A prominent civil rights attorney says he’s now involved in the case of Jelani Day.

Ben Crump has figured in several high-profile cases in recent years. Crump represented the family of George Floyd, whose murder in 2020 by a former Minneapolis police officer set off a wave of social protests. Crump also represents the family of Ahmaud Arbery, the Black jogger chased down by three white men and shot. Last month, all three men were convicted in Georgia of murder.

Day was an Illinois State University graduate student who was reported missing Aug. 24 in Bloomington. His body was identified after being found Sept. 4 in the Illinois River near Peru in LaSalle County.

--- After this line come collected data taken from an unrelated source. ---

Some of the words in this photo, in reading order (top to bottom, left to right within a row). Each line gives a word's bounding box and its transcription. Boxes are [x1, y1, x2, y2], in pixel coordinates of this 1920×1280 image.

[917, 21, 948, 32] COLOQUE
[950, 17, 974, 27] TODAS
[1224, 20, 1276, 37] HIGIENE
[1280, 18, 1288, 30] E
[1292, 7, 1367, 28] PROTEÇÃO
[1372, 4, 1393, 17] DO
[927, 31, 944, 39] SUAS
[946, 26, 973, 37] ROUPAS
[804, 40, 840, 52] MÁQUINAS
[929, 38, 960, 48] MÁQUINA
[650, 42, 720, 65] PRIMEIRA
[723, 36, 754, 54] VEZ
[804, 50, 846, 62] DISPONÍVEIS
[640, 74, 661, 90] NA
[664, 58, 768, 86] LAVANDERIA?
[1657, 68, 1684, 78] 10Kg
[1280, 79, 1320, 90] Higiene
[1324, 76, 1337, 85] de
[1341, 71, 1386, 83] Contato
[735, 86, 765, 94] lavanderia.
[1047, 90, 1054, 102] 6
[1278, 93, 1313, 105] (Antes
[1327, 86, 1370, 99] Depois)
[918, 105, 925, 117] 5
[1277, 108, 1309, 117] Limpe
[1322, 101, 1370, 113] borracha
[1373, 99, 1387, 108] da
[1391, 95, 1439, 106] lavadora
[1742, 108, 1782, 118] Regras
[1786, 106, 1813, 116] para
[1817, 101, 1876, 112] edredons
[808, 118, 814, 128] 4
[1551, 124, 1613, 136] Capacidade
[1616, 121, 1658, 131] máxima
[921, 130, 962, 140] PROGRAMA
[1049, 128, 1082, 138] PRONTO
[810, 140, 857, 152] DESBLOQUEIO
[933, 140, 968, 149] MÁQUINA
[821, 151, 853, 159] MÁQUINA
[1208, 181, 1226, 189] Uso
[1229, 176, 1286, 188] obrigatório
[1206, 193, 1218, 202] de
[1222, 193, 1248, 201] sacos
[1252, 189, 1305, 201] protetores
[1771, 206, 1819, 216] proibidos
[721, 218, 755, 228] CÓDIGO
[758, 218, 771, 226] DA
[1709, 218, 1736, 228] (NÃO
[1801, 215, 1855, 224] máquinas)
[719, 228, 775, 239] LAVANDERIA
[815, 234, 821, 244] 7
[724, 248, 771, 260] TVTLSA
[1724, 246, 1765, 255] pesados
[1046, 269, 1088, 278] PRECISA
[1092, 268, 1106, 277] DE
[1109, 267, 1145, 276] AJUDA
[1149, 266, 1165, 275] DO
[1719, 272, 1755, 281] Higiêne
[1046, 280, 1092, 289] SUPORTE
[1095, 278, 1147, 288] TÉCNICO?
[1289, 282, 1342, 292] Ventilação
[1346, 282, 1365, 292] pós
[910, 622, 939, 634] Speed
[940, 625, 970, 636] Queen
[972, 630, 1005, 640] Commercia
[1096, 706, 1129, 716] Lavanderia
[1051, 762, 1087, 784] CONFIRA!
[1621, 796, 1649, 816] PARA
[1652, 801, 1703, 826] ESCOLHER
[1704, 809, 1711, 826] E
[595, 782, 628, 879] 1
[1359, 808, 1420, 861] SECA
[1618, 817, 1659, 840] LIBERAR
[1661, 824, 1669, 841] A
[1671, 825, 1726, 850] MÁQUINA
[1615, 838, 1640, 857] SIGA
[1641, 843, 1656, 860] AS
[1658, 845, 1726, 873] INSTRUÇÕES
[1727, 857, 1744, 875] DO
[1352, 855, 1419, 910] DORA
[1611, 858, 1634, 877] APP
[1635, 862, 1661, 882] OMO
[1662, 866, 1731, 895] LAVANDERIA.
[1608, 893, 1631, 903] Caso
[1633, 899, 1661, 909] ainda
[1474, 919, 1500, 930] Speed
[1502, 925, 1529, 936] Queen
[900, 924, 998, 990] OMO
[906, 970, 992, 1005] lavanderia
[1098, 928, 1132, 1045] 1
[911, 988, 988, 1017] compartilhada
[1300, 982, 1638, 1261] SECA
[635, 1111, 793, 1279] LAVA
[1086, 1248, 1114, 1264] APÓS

Day’s case remains under investigation by a multijurisdictional unit that includes departments from Bloomington, Peru, and LaSalle County. But his mother, Carmen Bolden Day, has long accused authorities of mishandling the case. She has made repeated calls for the FBI to take over the investigation.

During a news conference Friday morning, Crump echoed those calls, charging that authorities have failed to make Day’s case a priority. He accused investigators of trying to dismiss Day’s death as a suicide. Crump pointed to details of the case — such as Day’s car being discovered in a wooded area with its license plates removed — as evidence of foul play.

“When you add up all these facts…is it more likely that he committed suicide or is it more likely that this was a homicide?” Crump asked. “When you add up the facts (and) it doesn’t add up to suicide, then it adds up to homicide, and there is a killer out there on the loose.”

Bolden Day has repeatedly pushed back against theories that her son was experiencing mental distress. “I had a son who had his head on his shoulders, who was focused and determined to become a doctor,” she said, speaking at the news conference. “There was nothing in his life that would make him want to hurt himself.”

Bolden Day said she’s been told by authorities they found no evidence of trauma to Day’s body and nothing to indicate that didn’t enter the water on his own. “That says to me without saying to me that Jelani did this to himself,” she said.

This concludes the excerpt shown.